■ **Supplied data**:
□ □ □

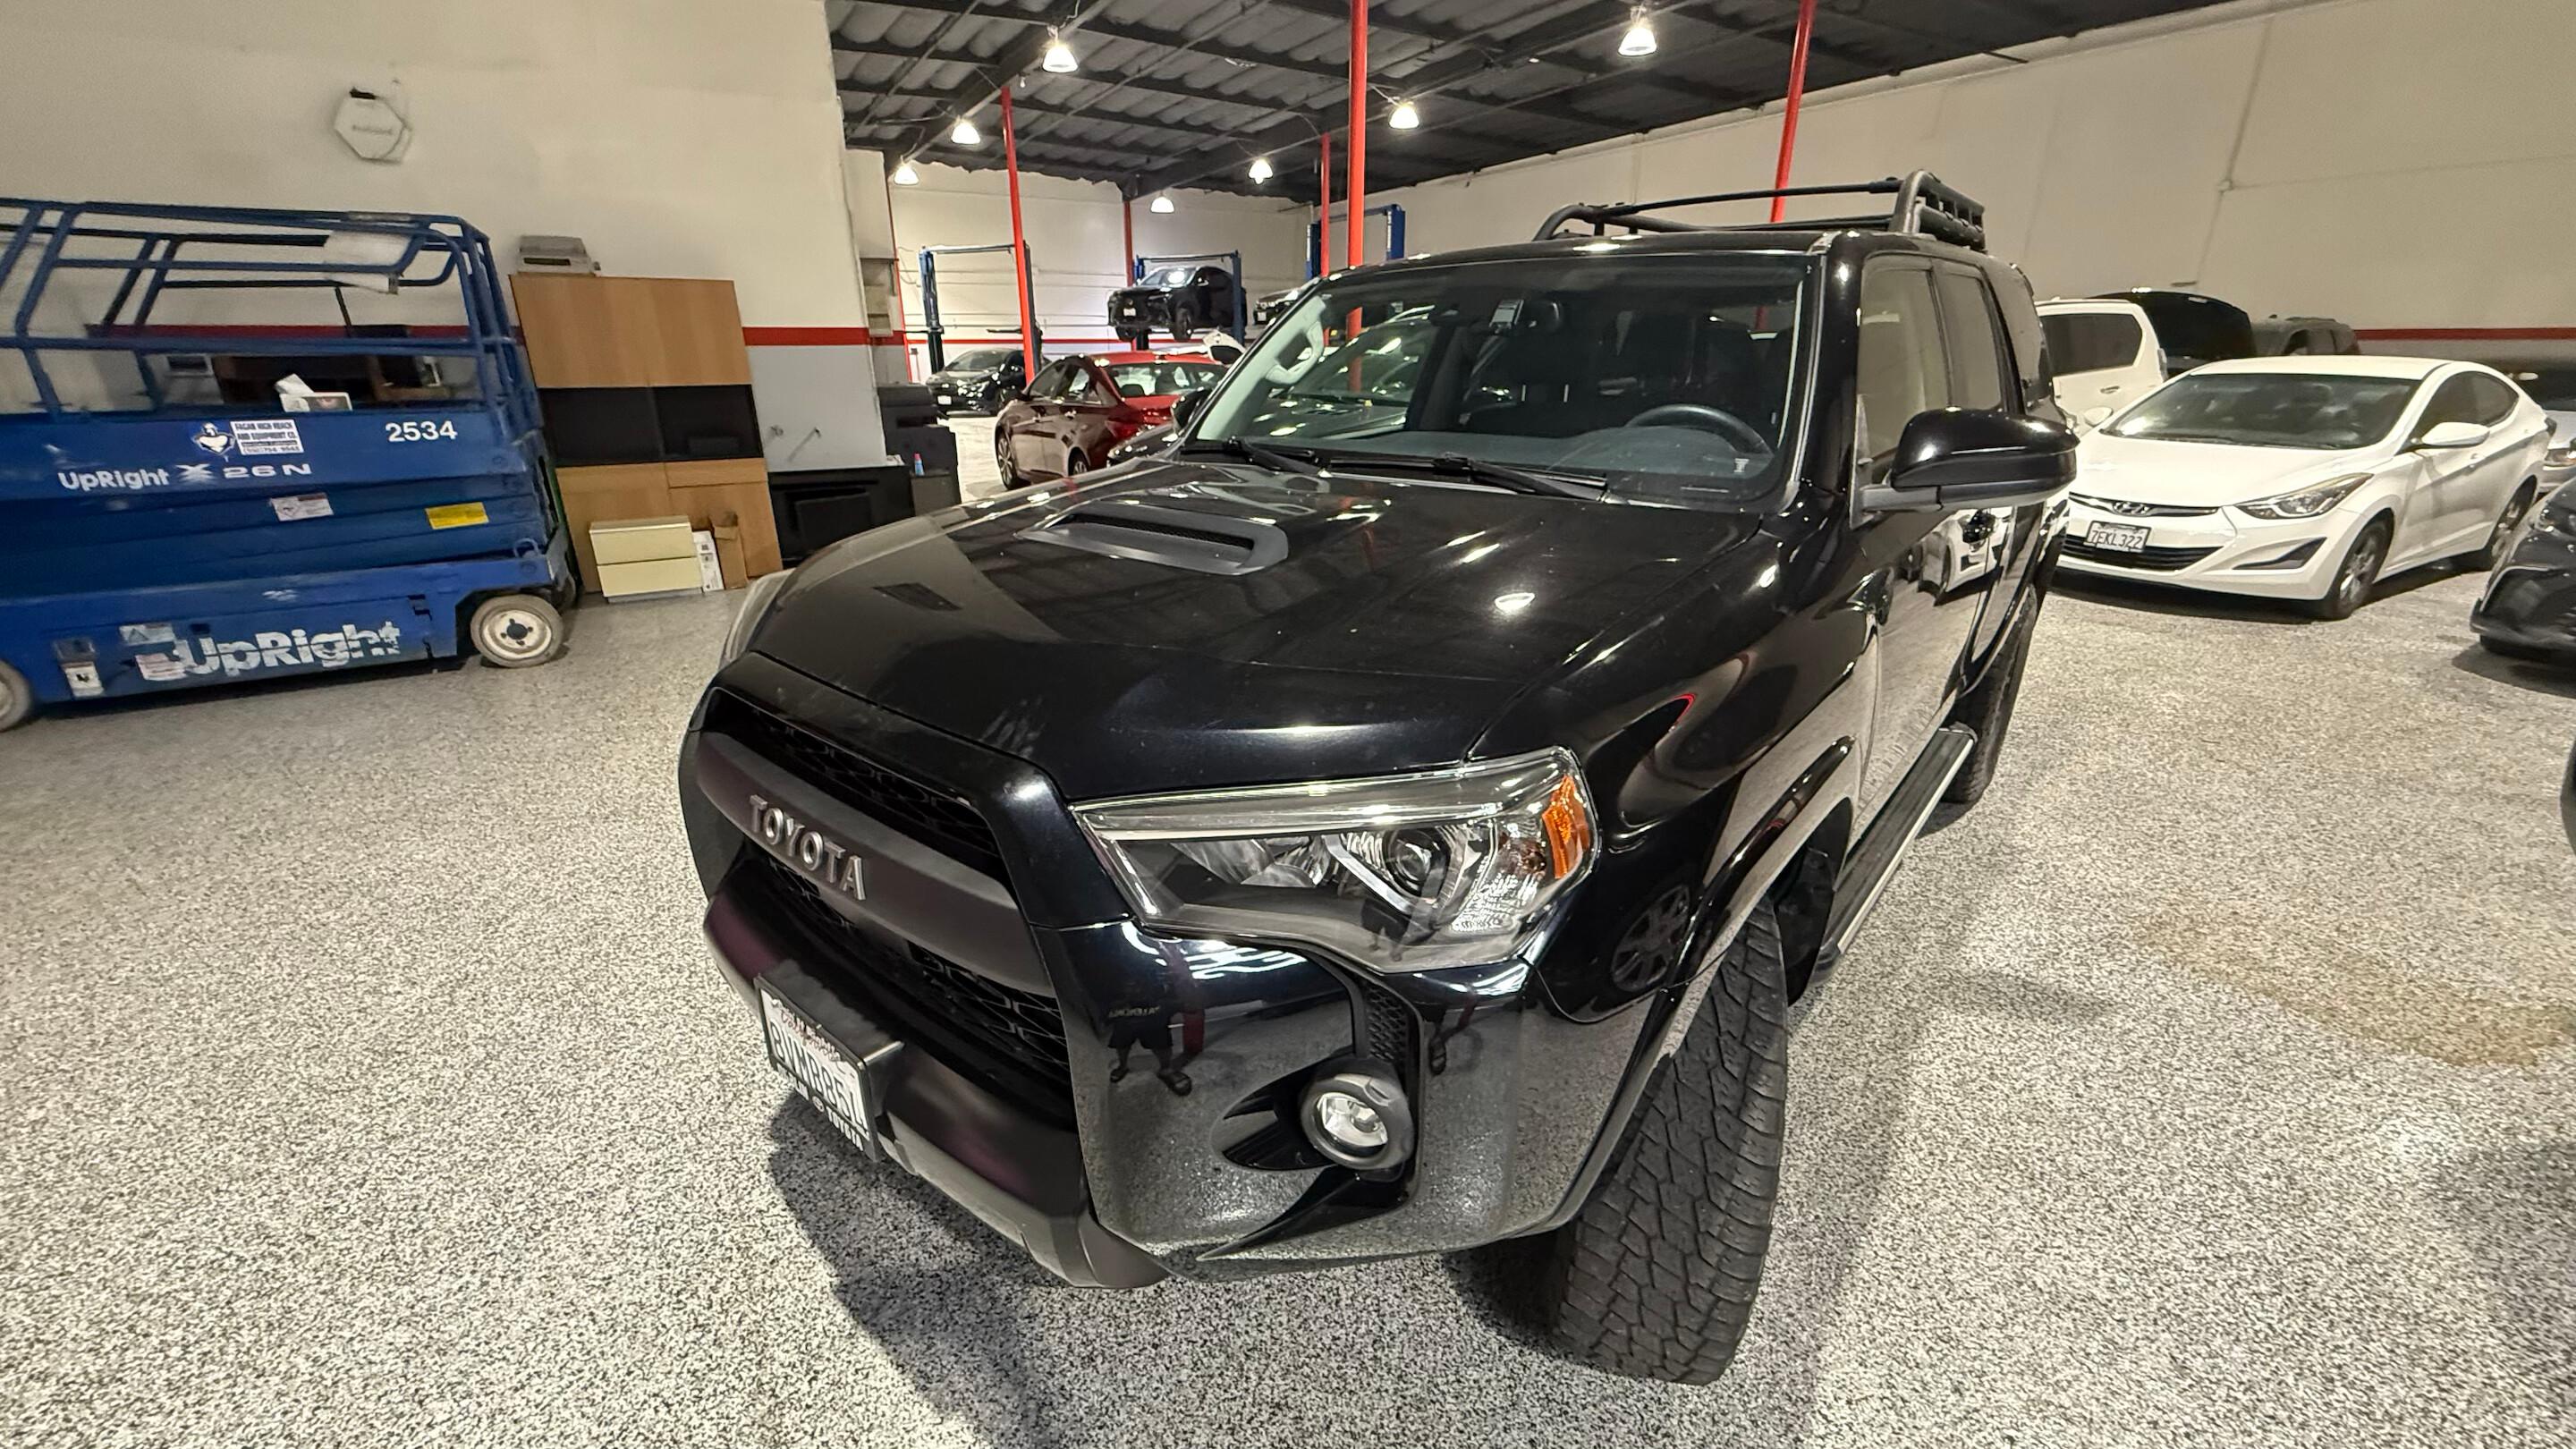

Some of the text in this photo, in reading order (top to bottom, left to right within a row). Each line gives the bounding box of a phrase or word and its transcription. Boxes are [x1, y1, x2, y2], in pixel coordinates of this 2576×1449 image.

[386, 420, 458, 442] 2534
[57, 468, 169, 491] UpRight
[2090, 530, 2143, 549] 7EKL322
[182, 622, 400, 676] UpRight
[750, 794, 867, 901] TOYOTA
[826, 1106, 863, 1151] TOYOTA
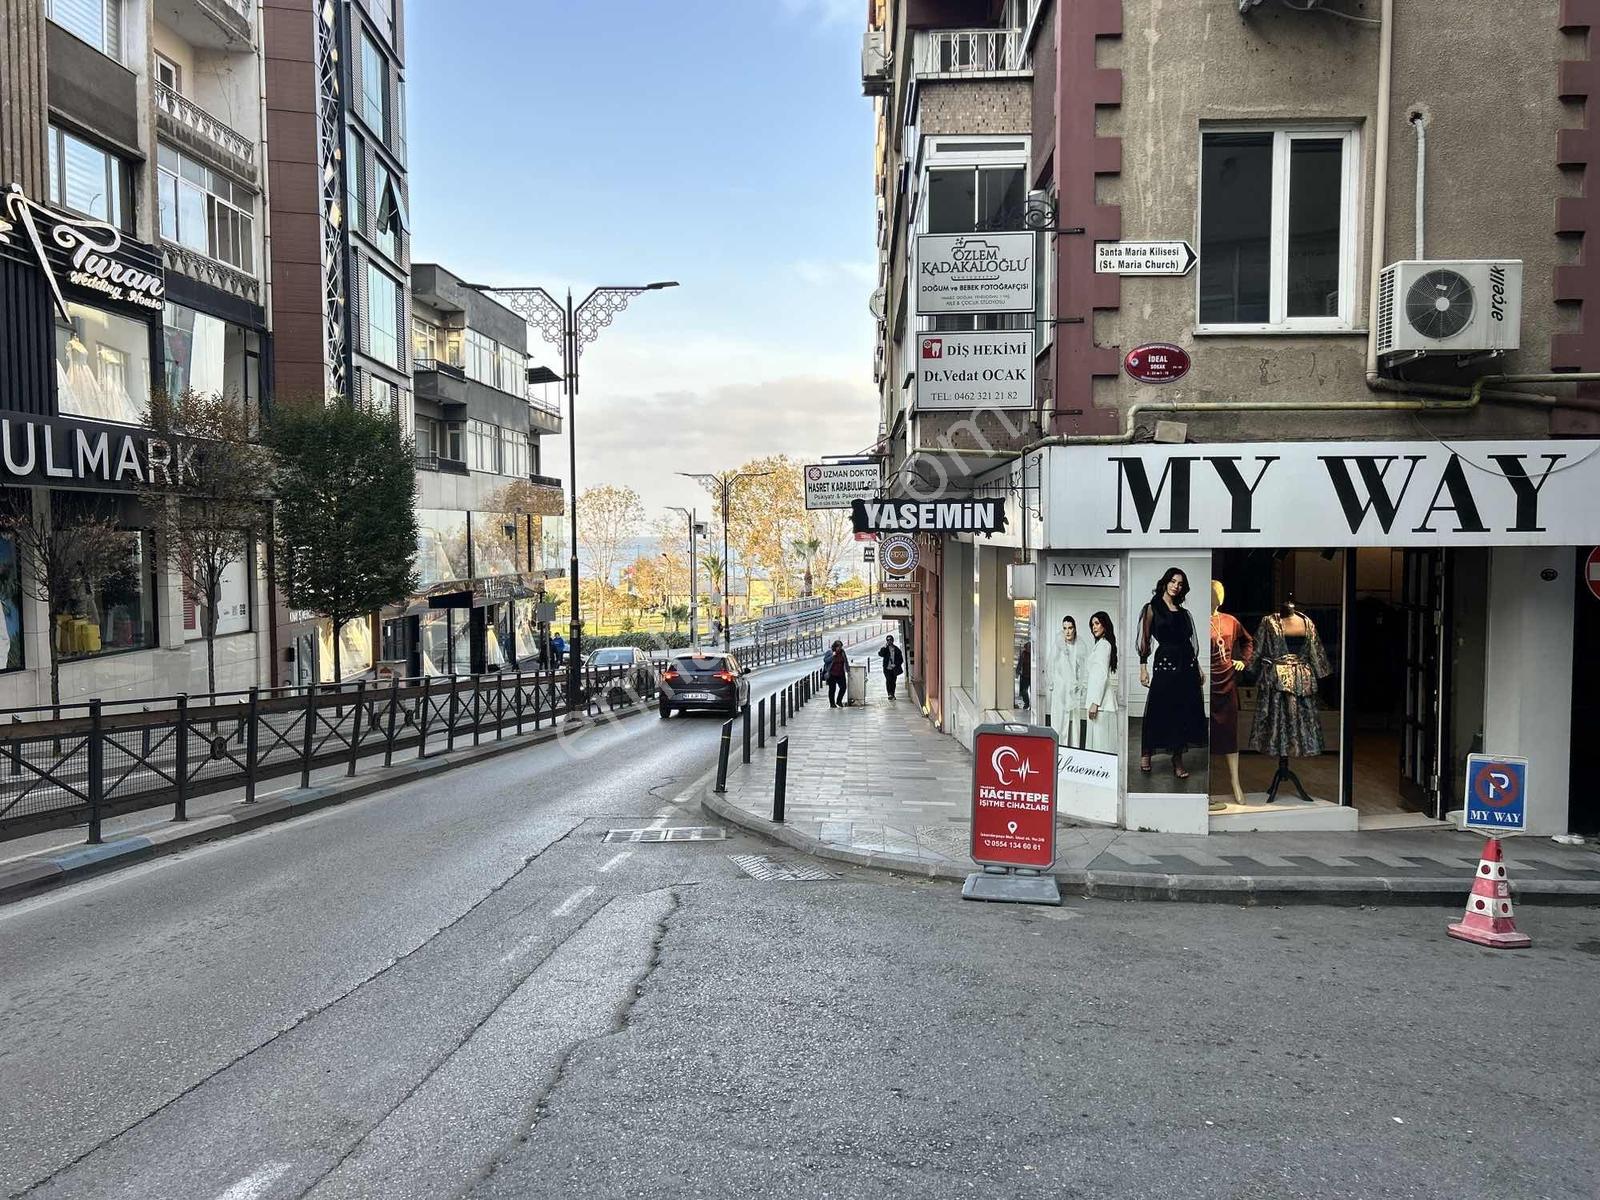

□ □ □

■ **Prompt**:
Reproduce the data in full. Do not carry over any picture.

■ **Solution below**:
Some of the text in this photo, in reading order (top to bottom, left to right within a row). Each line gives the bounding box of a phrase or word and its transcription. Boxes are [x1, y1, x2, y2], in pixel coordinates of this 2576×1449 image.

[386, 420, 458, 442] 2534
[57, 468, 169, 491] UpRight
[2090, 530, 2143, 549] 7EKL322
[182, 622, 400, 676] UpRight
[750, 794, 867, 901] TOYOTA
[826, 1106, 863, 1151] TOYOTA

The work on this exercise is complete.